A logomarca é a representação gráfica do nome de uma marca e deve estar diretamente ligada com o planejamento estratégico, valores e missão do negócio. Porém, não precisa descrever exatamente o que uma empresa faz, por exemplo, o Google não é um termo que existia antes da empresa. Também não tem significado no alfabeto tradicional.

Mas independente do nome, o ideal é pensar em uma identidade visual memorável e transmitir a personalidade do empreendimento. O Google, por exemplo, já traz no próprio símbolo a identidade disruptiva e divertida da marca. Mas de nada adianta ter uma marca imponente sem registrá-la.

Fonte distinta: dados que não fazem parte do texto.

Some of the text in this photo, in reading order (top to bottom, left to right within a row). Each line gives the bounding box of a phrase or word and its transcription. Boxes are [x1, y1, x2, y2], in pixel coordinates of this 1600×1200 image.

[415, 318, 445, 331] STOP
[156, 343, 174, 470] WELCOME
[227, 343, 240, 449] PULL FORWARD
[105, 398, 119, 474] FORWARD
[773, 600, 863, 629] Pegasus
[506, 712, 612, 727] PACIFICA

O registro de uma marca é essencial para garantir o direito de exclusividade sobre o uso da mesma. No Brasil, o único órgão capaz de emitir certificado de registro de marca é o INPI (Instituto Nacional de Propriedade Industrial). Não importa se a sua empresa já possui o cadastro na Junta Comercial do estado, isso não garante a sua propriedade sobre a marca.

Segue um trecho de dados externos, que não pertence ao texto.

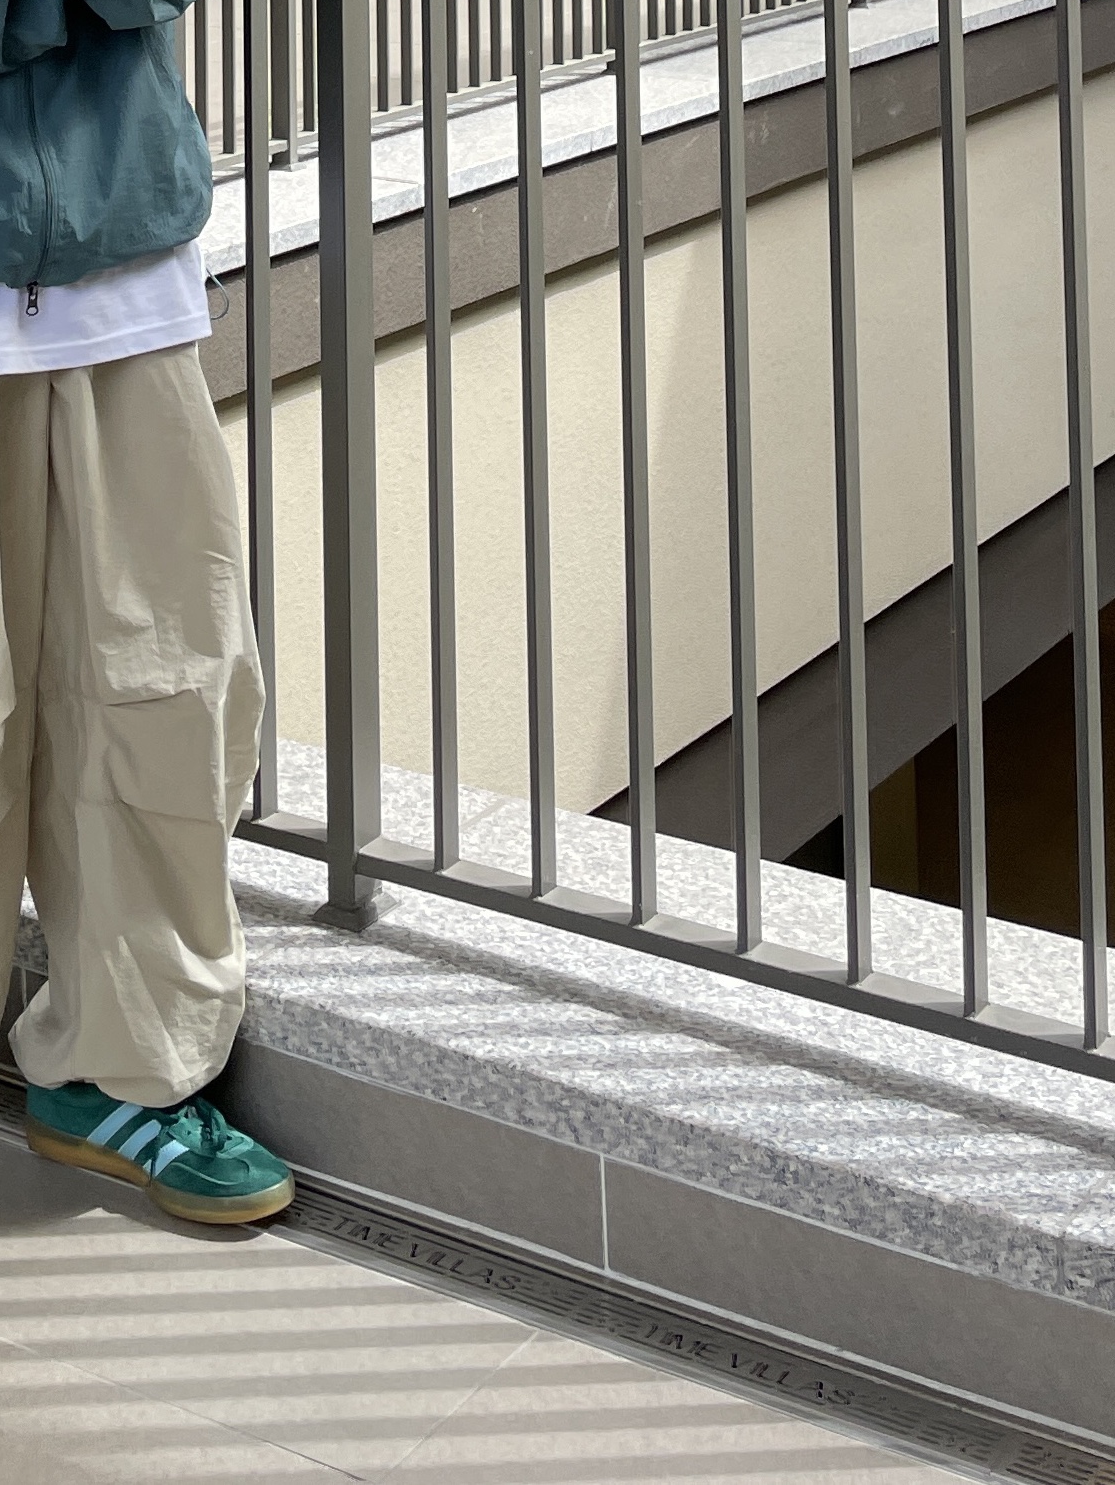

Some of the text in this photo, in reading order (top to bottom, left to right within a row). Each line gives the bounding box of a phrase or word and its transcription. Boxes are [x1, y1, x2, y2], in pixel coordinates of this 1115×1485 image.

[334, 1217, 521, 1290] TIME VILLAS
[645, 1324, 855, 1405] TIME VILLAS

Não importa o tamanho da empresa. Registre.

Não é incomum que profissionais liberais ou mesmo empresários de micro e pequenos negócios considerem que ainda “não é a hora de investir no registro de marca”. A verdade é que não importa o tamanho do empreendimento, é sempre bom começar com o “pé direito”.

Para entender a importância do registro, é essencial analisar o investimento em criação e desenvolvimento de uma logomarca. Isso, sem falar no tempo, planejamento e análise dedicado. Agora imagine deixar de registrar a sua marca e, meses ou mesmo anos depois, descobrir que um concorrente ou uma empresa terceira estão imitando a sua identidade, confundindo seu público e afetando diretamente a rentabilidade do empreendimento.

Mas se você não registrou, eles podem fazer isso. Afinal, a marca não é uma propriedade sua. Ou pior, pode ser que um deles tenha efetuado o registro da marca antes que você e possua o direito de uso sobre a mesma. E você não tem direito sobre a marca e corre o risco de receber uma notificação judicial.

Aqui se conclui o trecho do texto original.